CVE-2020-12279: 
NixOS vulnerability analysis and mitigation

An issue was discovered in libgit2 before version 0.28.4 and 0.9x before 0.99.0. The vulnerability, identified as CVE-2020-12279, relates to how checkout.c mishandles equivalent filenames that exist because of NTFS short names. This vulnerability was disclosed alongside other security issues in libgit2 and was addressed in security updates released in December 2019 (Libgit2 Release).

The vulnerability exists in the checkout.c component of libgit2, where the software fails to properly handle equivalent filenames that exist due to NTFS short names (also known as 8.3 format names). This issue is similar to CVE-2019-1353, which was previously identified in Git. The vulnerability affects systems accessing NTFS filesystems, not just Windows systems, as other platforms accessing NTFS filesystems were also vulnerable to this issue (Debian Advisory).

The vulnerability could potentially allow remote code execution when cloning a repository on systems using or accessing NTFS filesystems. This impact is particularly significant as it affects not only Windows systems but also Linux and macOS systems that interact with NTFS filesystems (Ubuntu Notice).

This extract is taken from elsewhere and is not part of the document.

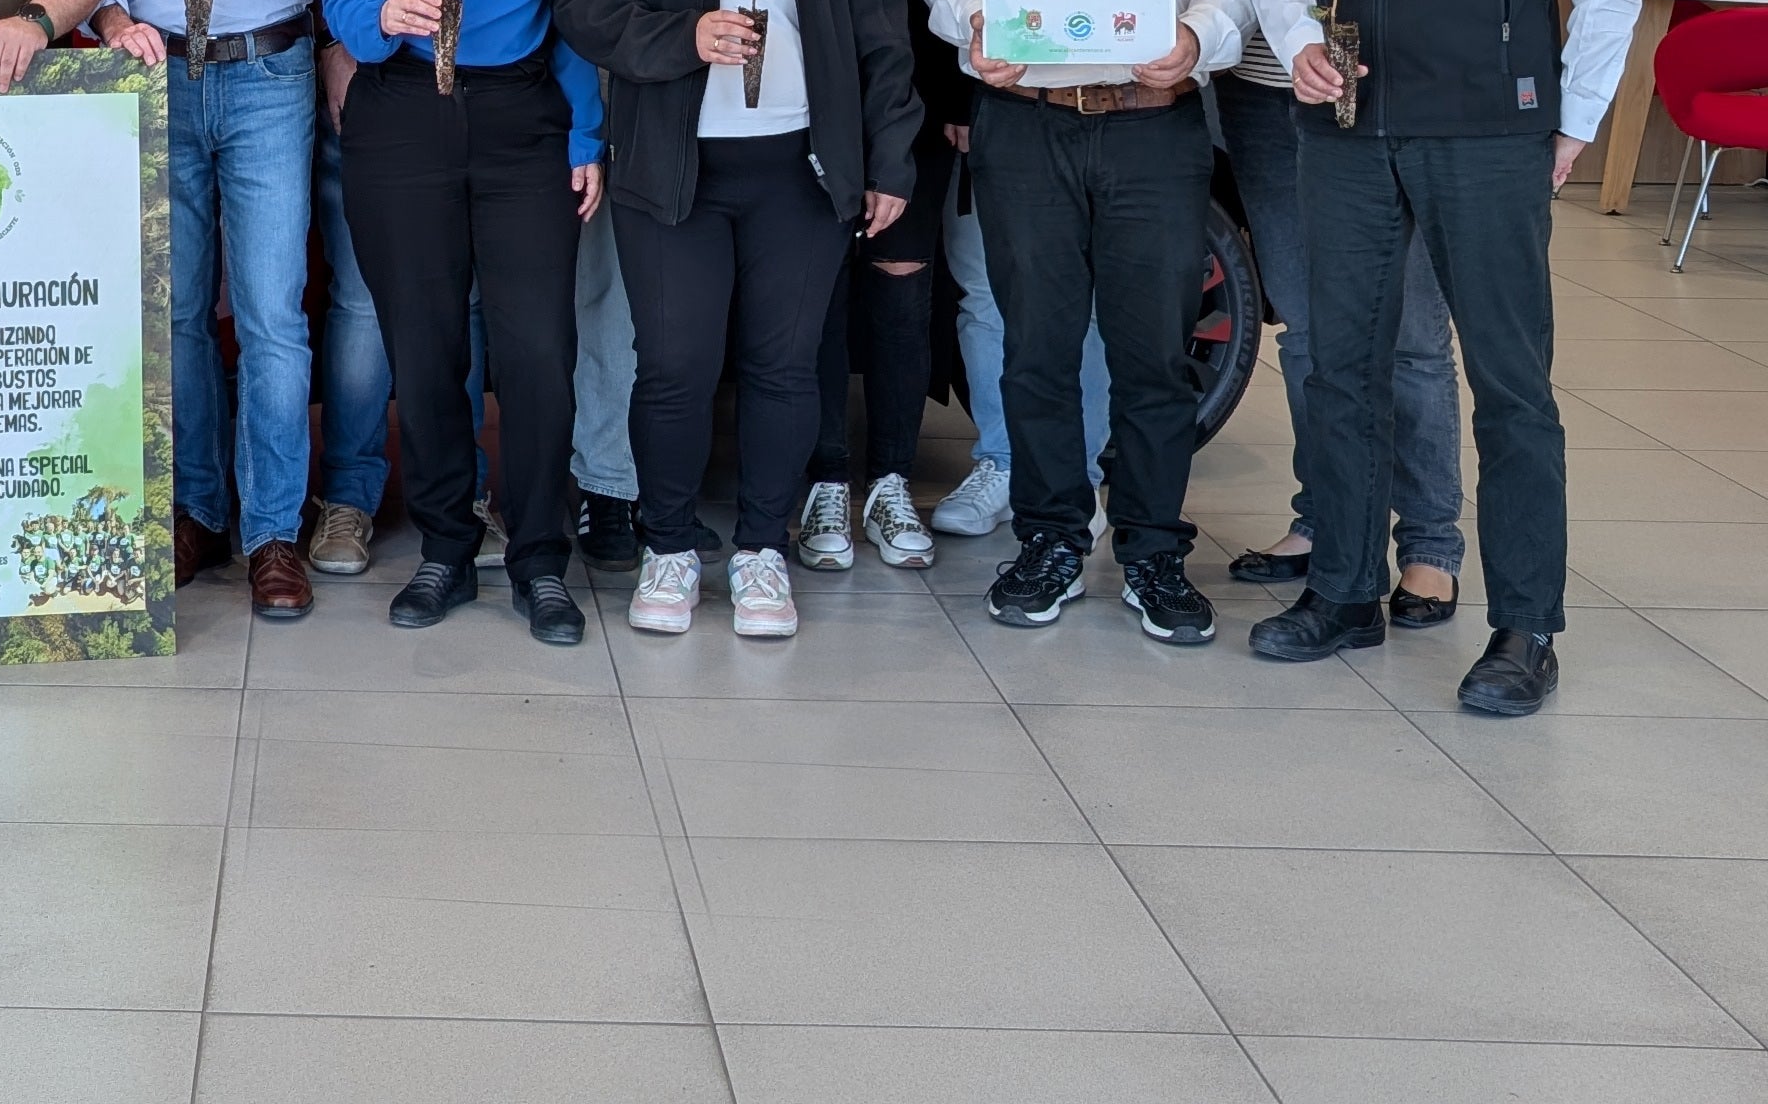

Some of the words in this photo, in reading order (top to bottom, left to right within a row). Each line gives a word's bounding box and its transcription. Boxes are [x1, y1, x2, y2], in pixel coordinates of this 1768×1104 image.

[74, 346, 94, 365] DE
[8, 389, 82, 411] MEJORAR
[19, 454, 94, 476] ESPECIAL

The vulnerability was fixed in libgit2 versions 0.28.4 and 0.99.0. The fix involved enabling NTFS protections by default on all systems to prevent this attack vector. Organizations using affected versions should upgrade to the patched versions. For Debian 9 stretch, the fix was included in version 0.25.1+really0.24.6-1+deb9u1, and for Debian 10 buster, in version 0.27.7+dfsg.1-0.2+deb10u1 (Debian LTS).